Distribution and habitat
The range is in Colorado, southern Wyoming, eastern and central Utah, northern Arizona, New Mexico, and the Guadalupe Mountains in westernmost Texas. It occurs at moderate altitudes from 1,600 metres (5,200 ft) to 2,400 metres (7,900 ft), rarely as low as 1,400 metres (4,600 ft) and as high as 3,000 metres (9,800 ft). It is widespread and often abundant in this region, forming extensive open woodlands, usually mixed with junipers in the Pinyon-juniper woodland plant community. The Colorado pinyon (piñon) grows as the dominant species on 4.8 million acres (19,000 square kilometres (7,300 sq mi)) in Colorado, making up 22% of the state's forests. The Colorado pinyon has cultural meaning to agriculture, as strong piñon wood "plow heads" were used to break soil for crop planting at the state's earliest known agricultural settlements.
There is one known example of a Colorado pinyon growing amongst Engelmann spruce (Picea engelmannii) and limber pine (Pinus flexilis) at nearly 3,170 metres (10,400 ft) on Kendrick Peak in the Kaibab National Forest of northern Arizona.

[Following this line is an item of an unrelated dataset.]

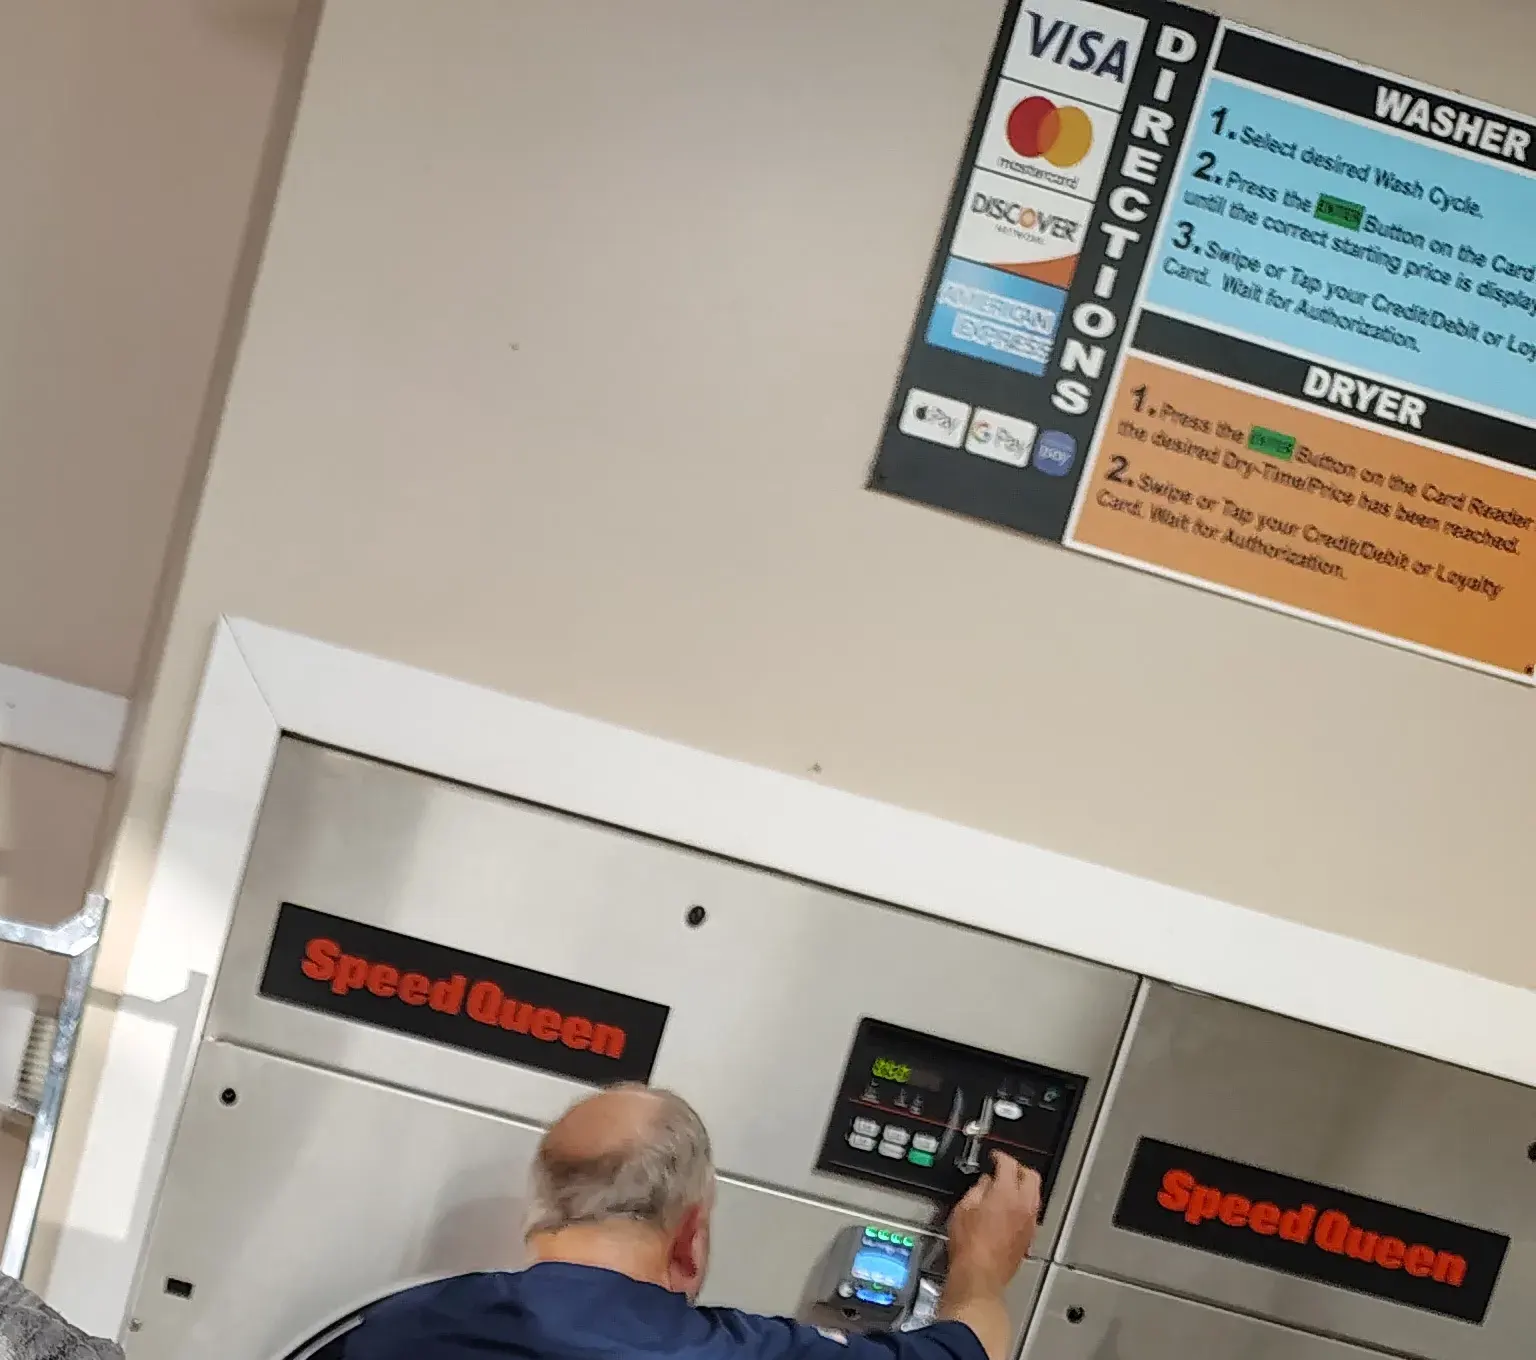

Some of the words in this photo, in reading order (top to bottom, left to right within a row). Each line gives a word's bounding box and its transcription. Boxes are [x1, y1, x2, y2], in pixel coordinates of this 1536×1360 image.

The piñon pine (Pinus edulis) is a small to medium size tree, reaching 10 metres (33 ft) - 20 metres (66 ft) tall and with a trunk diameter of up to 80 centimetres (31 in), rarely more. The bark is irregularly furrowed and scaly. The leaves ('needles') are in pairs, moderately stout, 3 centimetres (1.2 in) - 5.5 centimetres (2.2 in) long, and green, with stomata on both inner and outer surfaces but distinctly more on the inner surface forming a whitish band.

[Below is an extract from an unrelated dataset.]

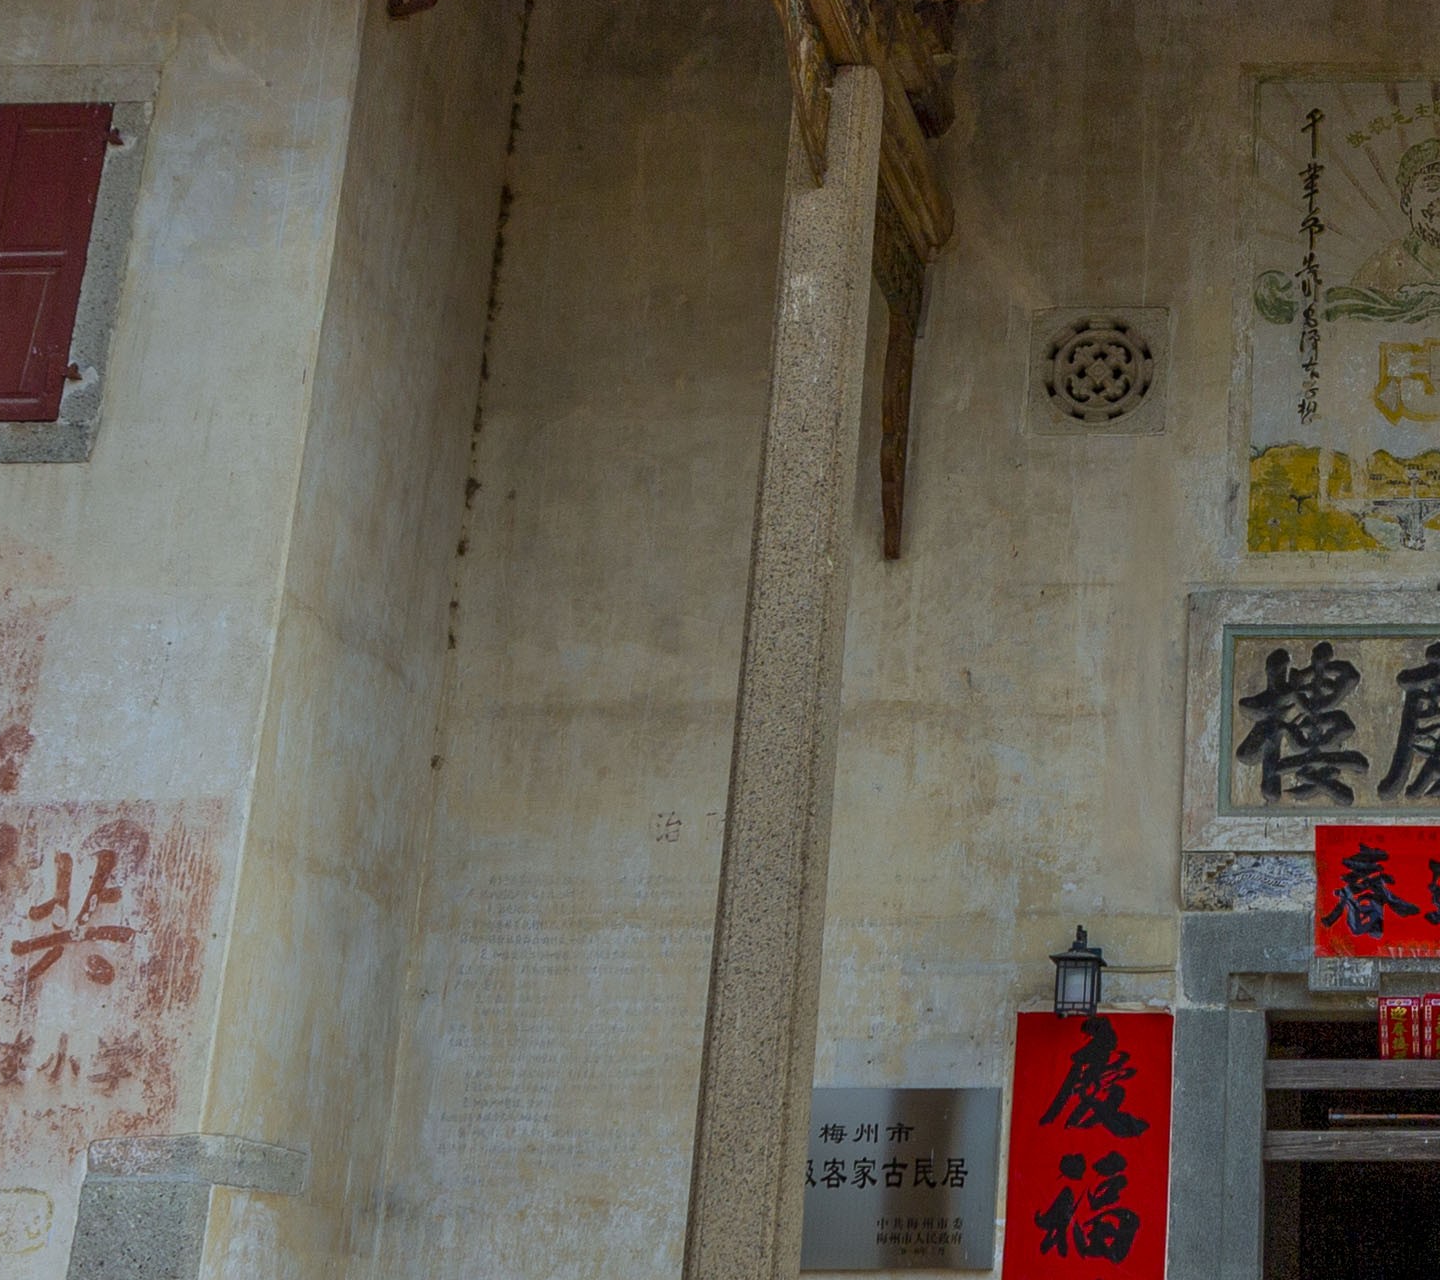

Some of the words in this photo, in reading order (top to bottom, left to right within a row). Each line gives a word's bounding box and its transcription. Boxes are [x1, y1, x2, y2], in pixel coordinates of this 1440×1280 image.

[819, 1122, 915, 1144] 梅州市
[876, 1231, 963, 1246] 梅州市人民政府

The cones are globose, 3 centimetres (1.2 in) to 5 centimetres (2.0 in) long and broad when closed, green at first, ripening yellow-buff when 18–20 months old, with only a small number of thick scales, with typically 5-10 fertile scales. The cones open to 4 centimetres (1.6 in) - 6 centimetres (2.4 in) broad when mature, holding the seeds on the scales after opening. The seeds are 10 millimetres (0.39 in) to 14 millimetres (0.55 in) long, with a thin shell, a white endosperm, and a vestigial 1 millimetre (0.039 in) - 2 millimetres (0.079 in) wing; they are dispersed by the Pinyon Jay, which plucks the seeds out of the open cones. The jay, which uses the seeds as a food resource, stores many of the seeds for later use, and some of these stored seeds are not used and are able to grow into new trees.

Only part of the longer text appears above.